Un primo passo avanti.

WU

PS. Il peso è comunque l’ultimo superstite di un sistema di misurazione basato su oggetti fisici. Le altre due grandezze fisiche di riferimento, il metro ed il secondo, sono state già sostituite da costanti della natura: il metro è la distanza percorsa dalla luce nel vuoto in un intervallo di tempo pari a 1/299.792.458 di secondo; il secondo è la durata di 9.192.631.770 periodi della radiazione corrispondente alla transizione tra due livelli iperfini dell’atomo di cesio-133.

Il che è l’ennesima prova che della massa (e della gravità ad essa associata), benché ce l’abbiamo davanti da millenni, non abbiamo ancora capito tutto.

Salar de Uyuni

A me da l’idea di un personaggio di un romanzo di Salgari. Invece potrebbe esserne l’ambientazione. Stiamo parlando di più di 10000 km2 (grossomodo come tutto l’Abruzzo) di … sale.
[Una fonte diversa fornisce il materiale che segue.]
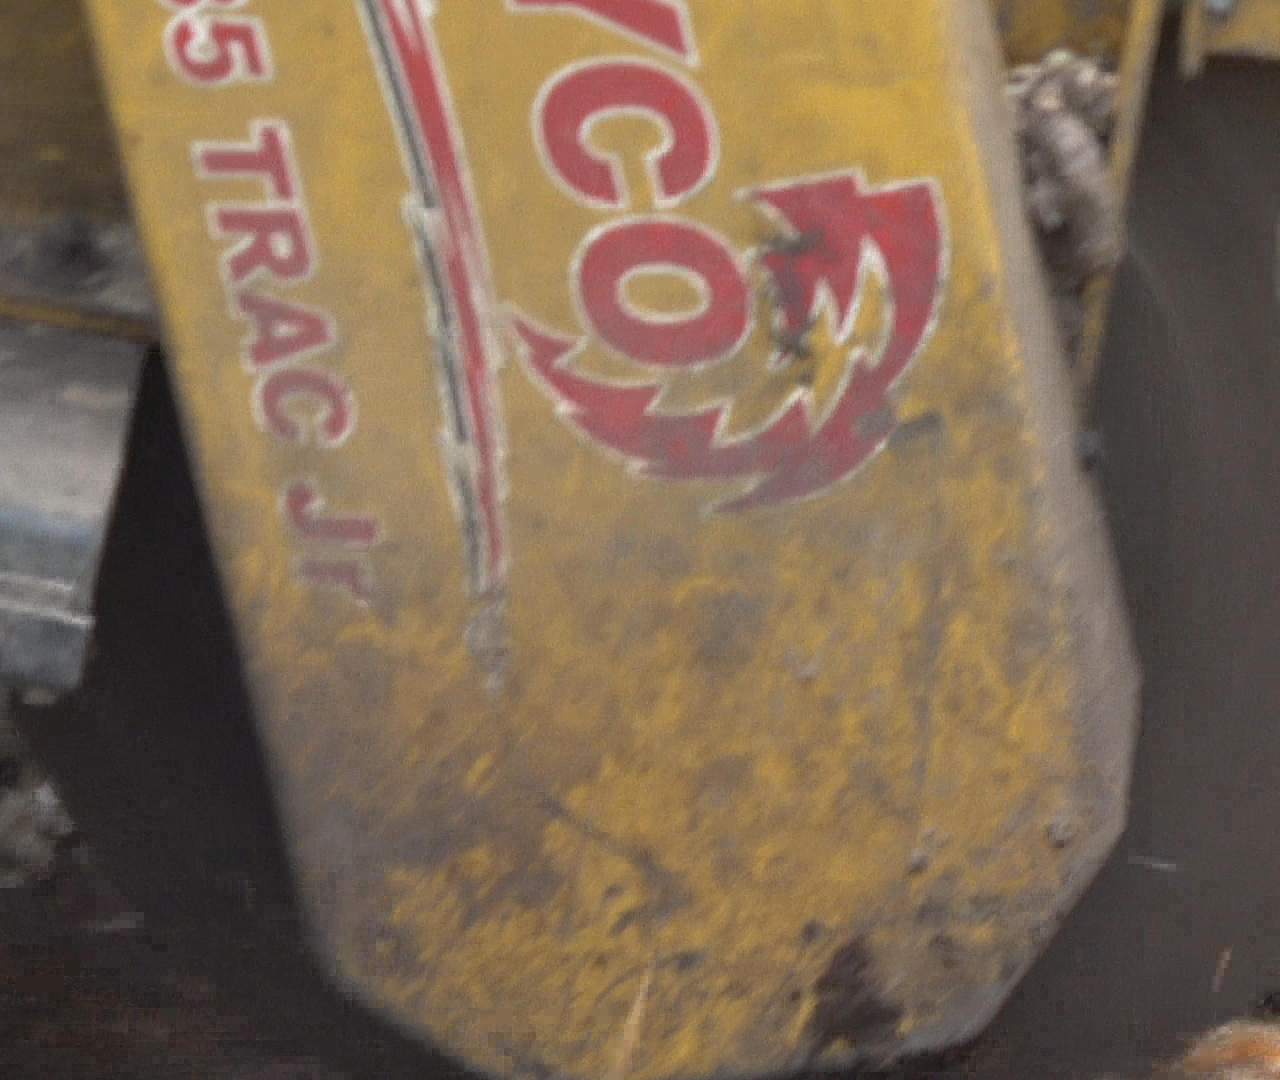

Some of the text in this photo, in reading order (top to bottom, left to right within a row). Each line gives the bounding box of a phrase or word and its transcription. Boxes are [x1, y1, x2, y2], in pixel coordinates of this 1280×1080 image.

[161, 0, 383, 606] 5 TRAC Jr
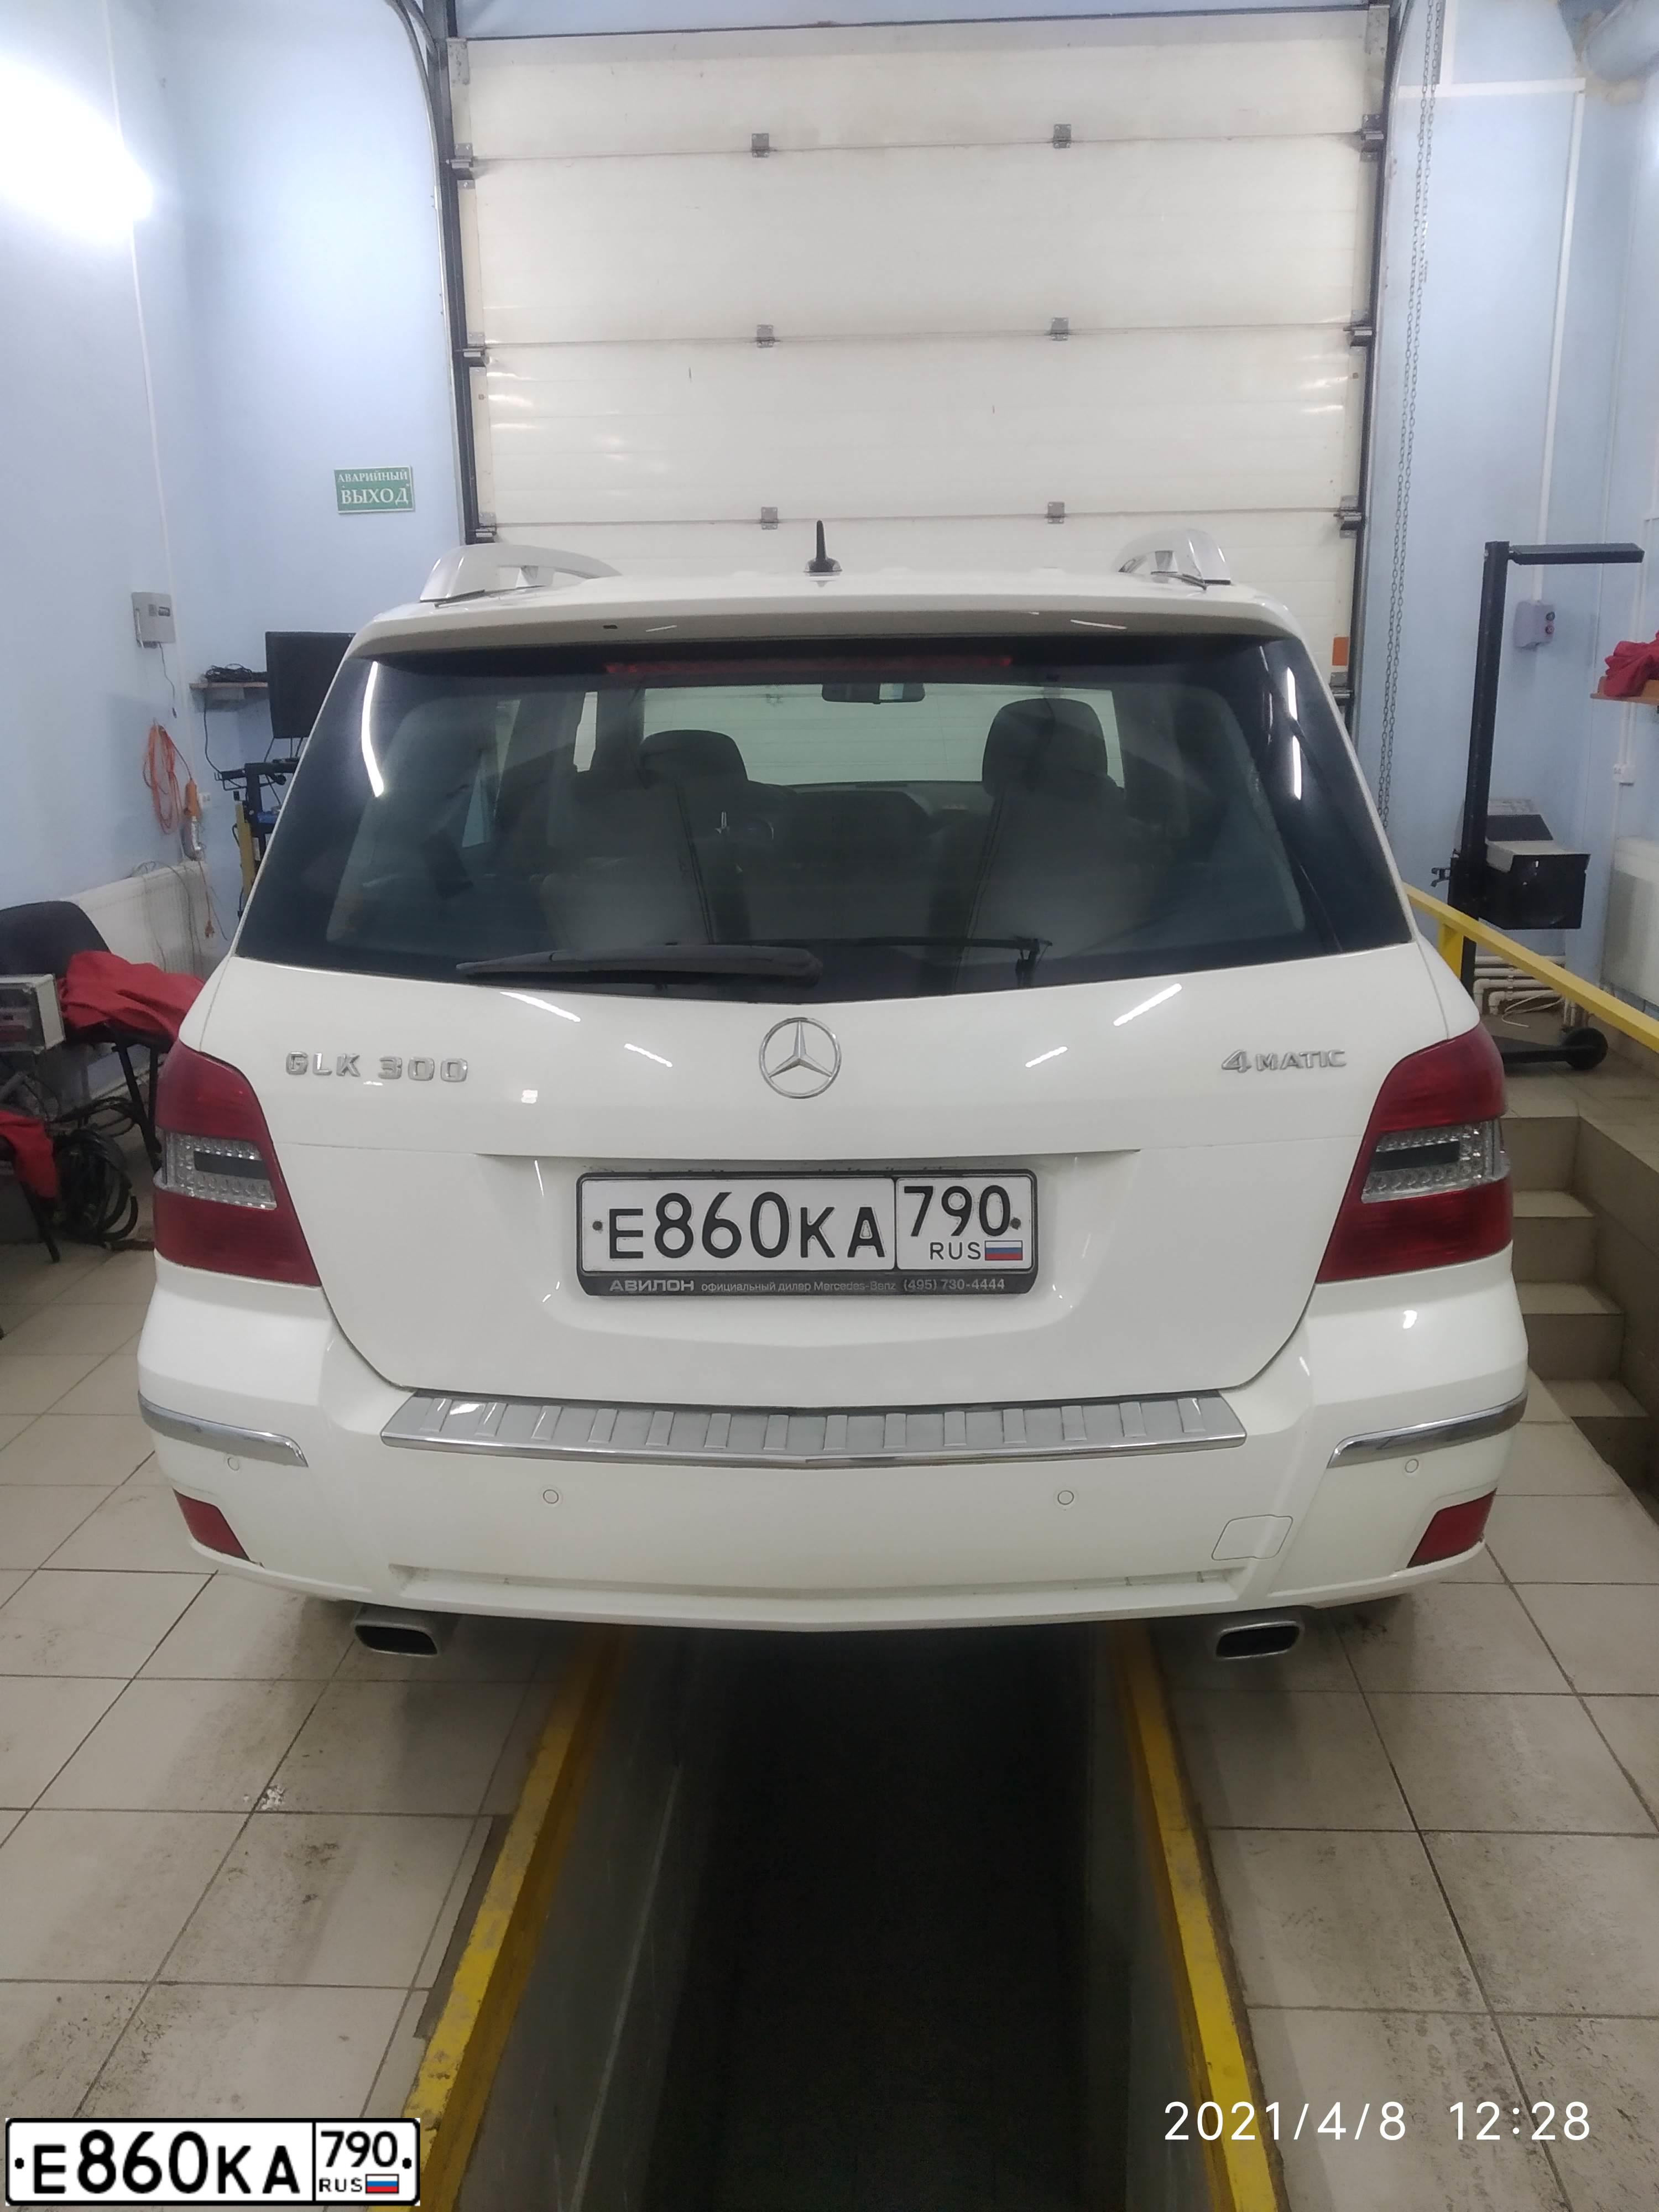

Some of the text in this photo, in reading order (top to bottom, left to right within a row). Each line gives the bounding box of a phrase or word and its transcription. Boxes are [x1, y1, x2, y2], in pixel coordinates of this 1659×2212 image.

La più grande distesa salata del globo. Sale, sale ed ancora sale a più di 3600 m di quota in Bolivia.

L’origine? Abbastanza intuitivamente (ah ah ah) un enorme lago preistorico prosciugatosi che ha lasciato due attuali laghi salati oltre che il gigantesco letto salato. Un posto del genere ha due grandi impatti sul genere umano: pratico e poetico.

Per il primo ho ovviamente in mente il fatto che dalla distesa si estraggono più o meno 25000 tonnellate di sale all’anno (e la stima è che la distesa ne contenga 10 000 000 000!), oltre al fatto che il posto contiene un terzo di tutte le riserve di litio mondiale (oltre che altra robaccia per noi utilissima tipo boro e magnesio).

Per l’aspetto poetico, invece, non possiamo far finta di non vedere la suggestività del posto. Il cielo e la terra si confondono perfettamente divisi soltanto dalla sottile linea dell’orizzonte. L’infinito pare quasi materializzarsi.

Uyuni.png

Meta turistica neanche a dirlo. Circondato da riserve naturali e rari habitat di accoppiamento, banale. Sede di ritrovamento di mummie ed insediamenti di ominidi, quasi ovvio. Geyser e vulcani quiescenti nella zona non potevano mancare.

Un posto decisamente fervido per le pratiche umane. Da millenni, a 360 gradi. Nonostante decisamente ostile per la nostra specie, the place to be.